Account Debit Credit
Inventory organization valuation accounts XX -
WIP accounting class valuation accounts - XX
Account Debit Credit
WIP accounting class variance accounts XX -
WIP accounting class valuation accounts - XX

Earning Assembly Material Overhead on Completion

You can assign overheads based on item, lot or total value basis. For standard discrete jobs, you can earn these overheads as you complete assemblies from WIP to inventory.

Use non-standard expense jobs for such activities as repair and maintenance. Use non-standard asset jobs to upgrade assemblies, for teardown, and to prototype production.

Note: RE: average and standard costing. Unlike standard costing, in average costing, non-standard discrete jobs do earn overhead on completion.

Here are the accounting entries for material overhead on completion transactions for both standard and non-standard, asset and expense jobs:

Account Debit Credit
Subinventory material overhead account XX -
Inventory material overhead absorption account - XX

Do not complete the assembly if you want to:

Instead, return the assembly, by component return, to inventory and then close the job.

See: Completing and Returning Assemblies, Oracle Work in Process User's Guide

Assembly Returns

The Completion Transactions window in WIP or the Inventory Transaction Interface are used to return completed assemblies from asset subinventories to WIP. The costing of resources, overhead, and outside processing on assembly returns differs depending on the completion cost source method: system calculated or user-defined.

Here is assembly return costing for the two completion methods:

User defined at user-defined cost
System calculated the weighted average of previous completions of that job.

Returns increase WIP valuation and decrease inventory valuation. Here are the accounting entries for assembly return transactions:

Account Debit Credit
WIP accounting class valuation accounts XX -
Inventory organization valuation accounts - XX

Job Close Transactions

Until you close a job, or change the status of the job to Complete - No Charges, you can make material, resource, and scrap charges to the job. Closing a discrete job prevents any further activity on the job.

Costing Job Close Transactions

WIP recognizes variances when you close a job. The actual close date you specify determines the accounting period WIP to recognize variances. You can back date the close to a prior open period if desired.

The close process writes off the balances remaining in the WIP elemental valuation accounts to the elemental variance accounts you defined by accounting class, leaving a zero balance remaining in the closed job.

If there is a positive balance in the job at the end of the close, then here are the accounting entries for a job close:

Account Debit Credit
WIP accounting class variance accounts XX -
WIP accounting class valuation accounts - XX

Period Close Transactions - Average Costing

The period close process in Inventory recognizes variances for non-standard expense jobs.
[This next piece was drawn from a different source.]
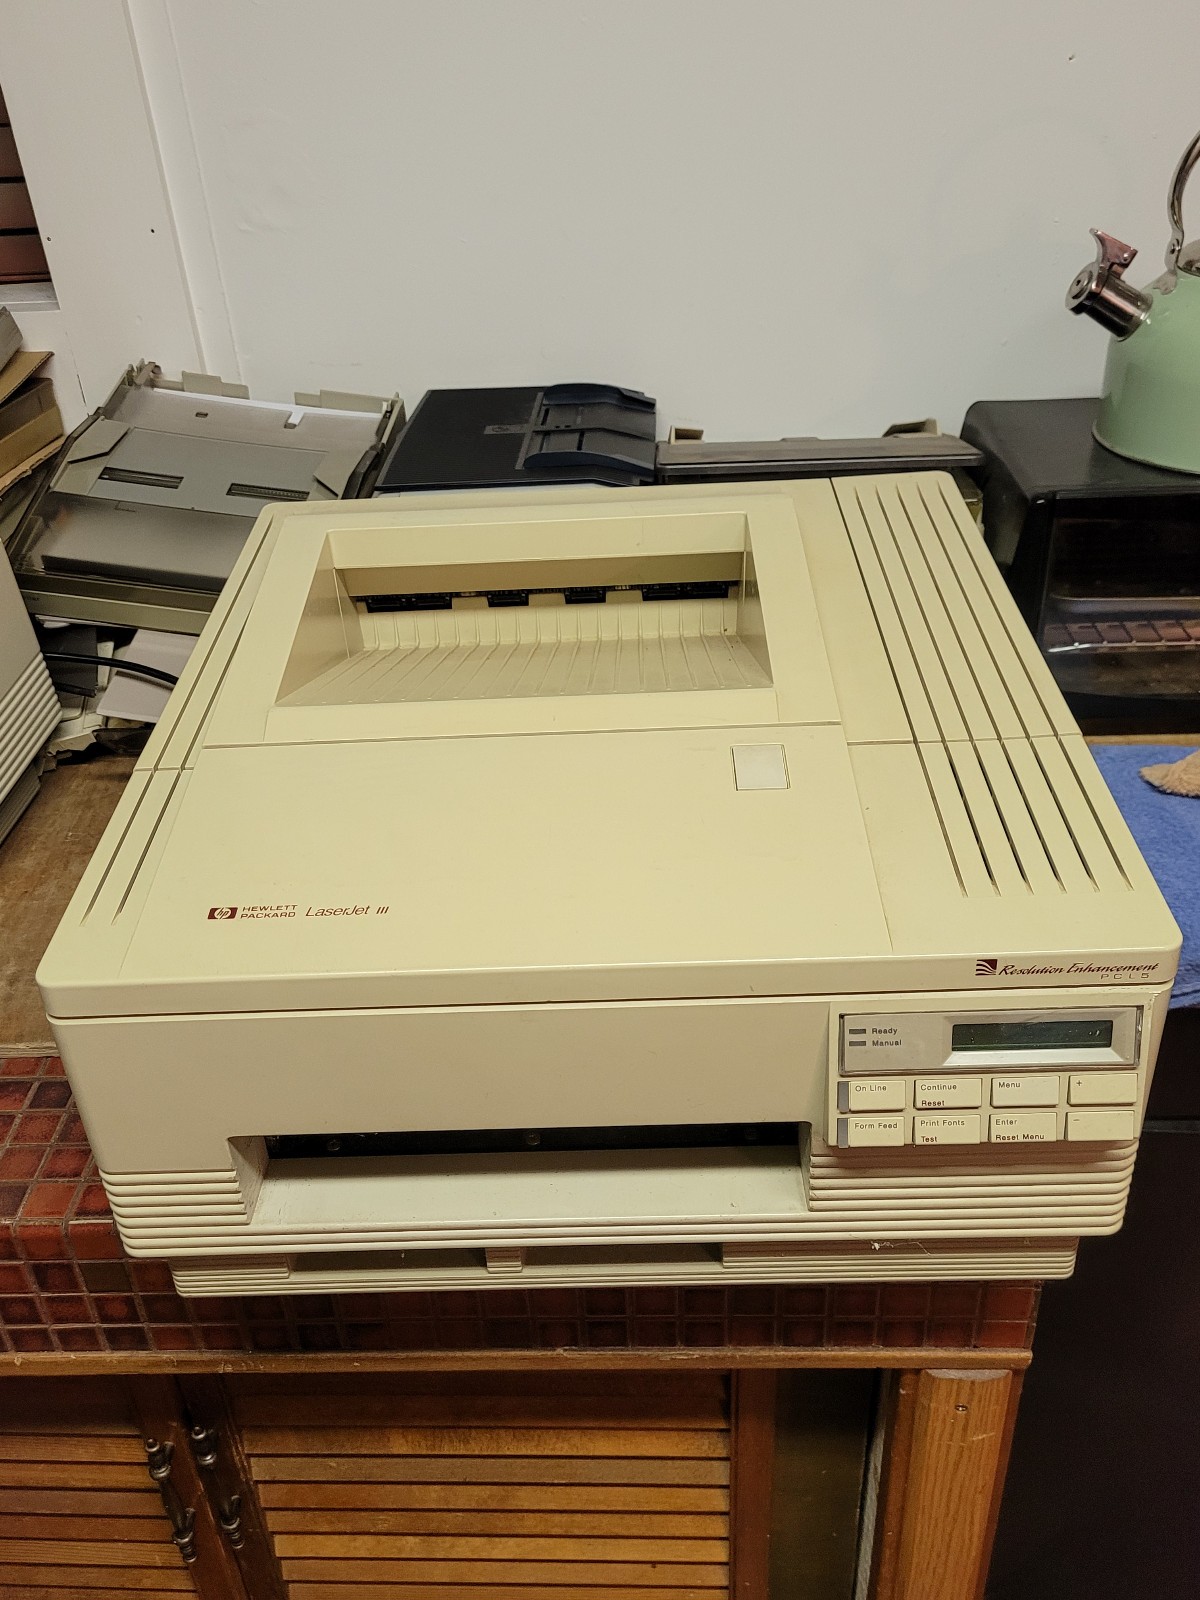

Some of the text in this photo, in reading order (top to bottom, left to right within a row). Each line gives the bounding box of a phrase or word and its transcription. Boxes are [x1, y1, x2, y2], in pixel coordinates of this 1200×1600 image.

It also transfers the WIP period costs to the general ledger.

Costing Non-Standard Expense Job Period Close Transactions

You can close a discrete job and recognize variances for non-standard expense jobs at any time. In addition, the period close process automatically recognizes variances on all non-standard expense job charges incurred during the period. Therefore, open non-standard expense jobs have zero WIP accounting balances at the start of a new period.
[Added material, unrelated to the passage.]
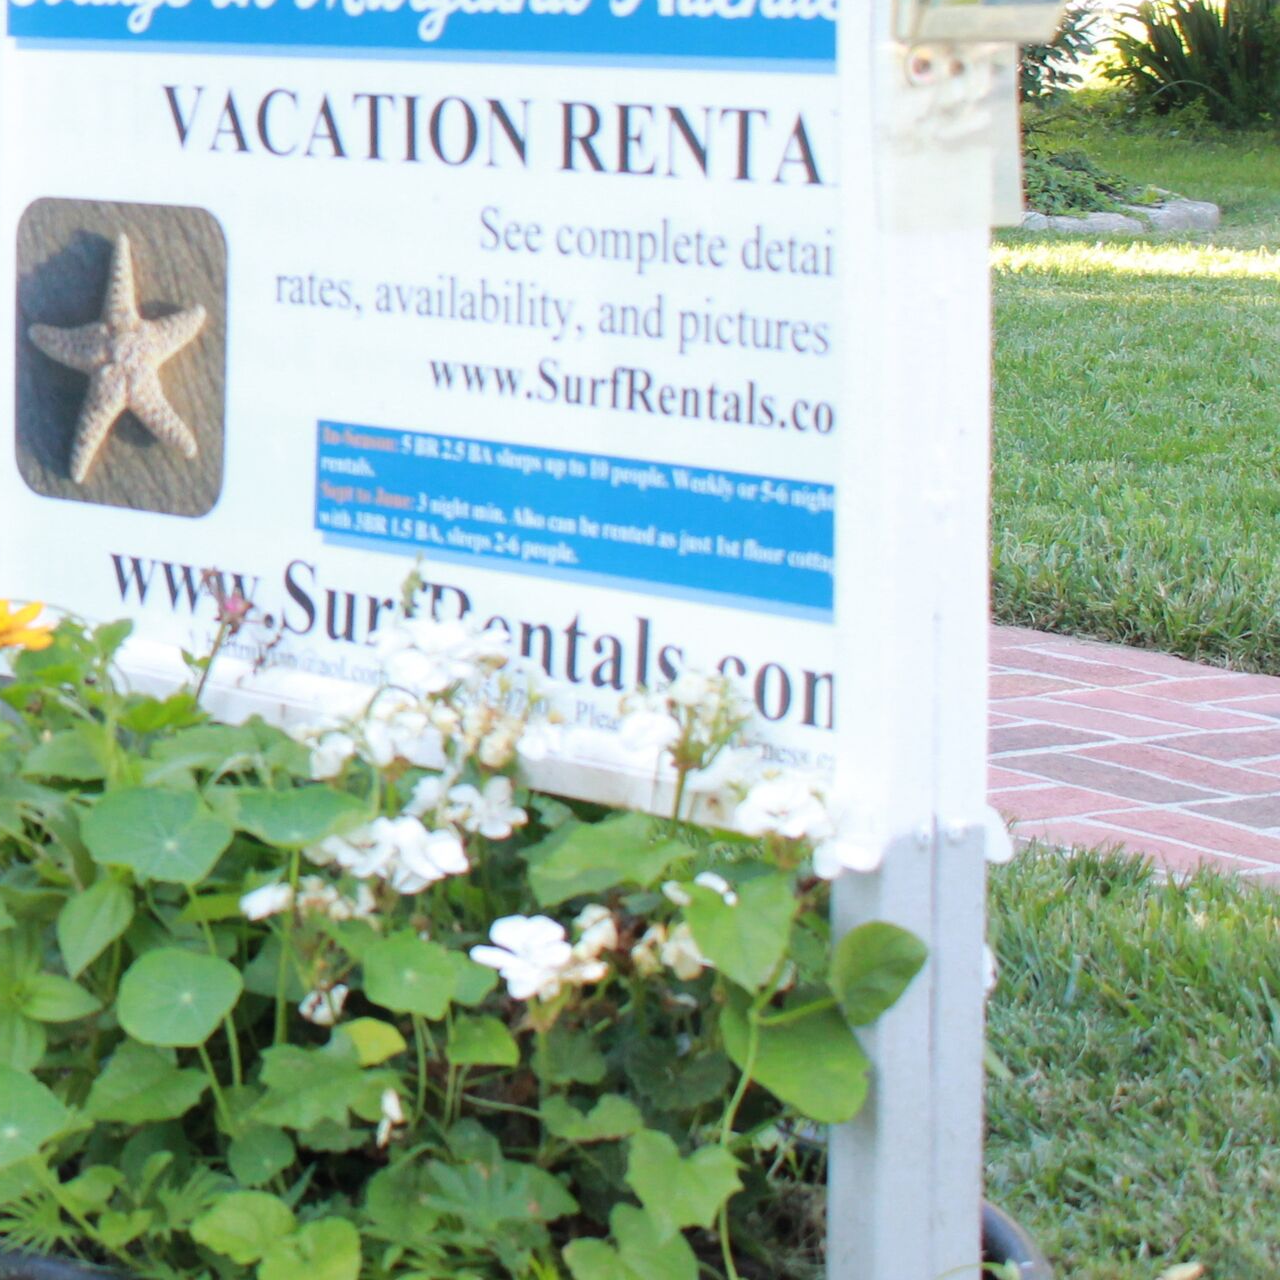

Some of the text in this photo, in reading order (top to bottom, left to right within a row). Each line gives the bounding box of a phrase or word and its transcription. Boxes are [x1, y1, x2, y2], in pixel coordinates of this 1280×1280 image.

If there is a positive balance in the job at the end of the period, then here are the accounting entries for non-standard expense jobs at period close:

Account Debit Credit
WIP accounting class variance accounts XX -
WIP accounting class valuation accounts - XX

See: Overview of Period Close,

Closing Discrete Jobs, Oracle Work in Process User's Guide and

Defining WIP Parameters, Oracle Work in Process User's Guide.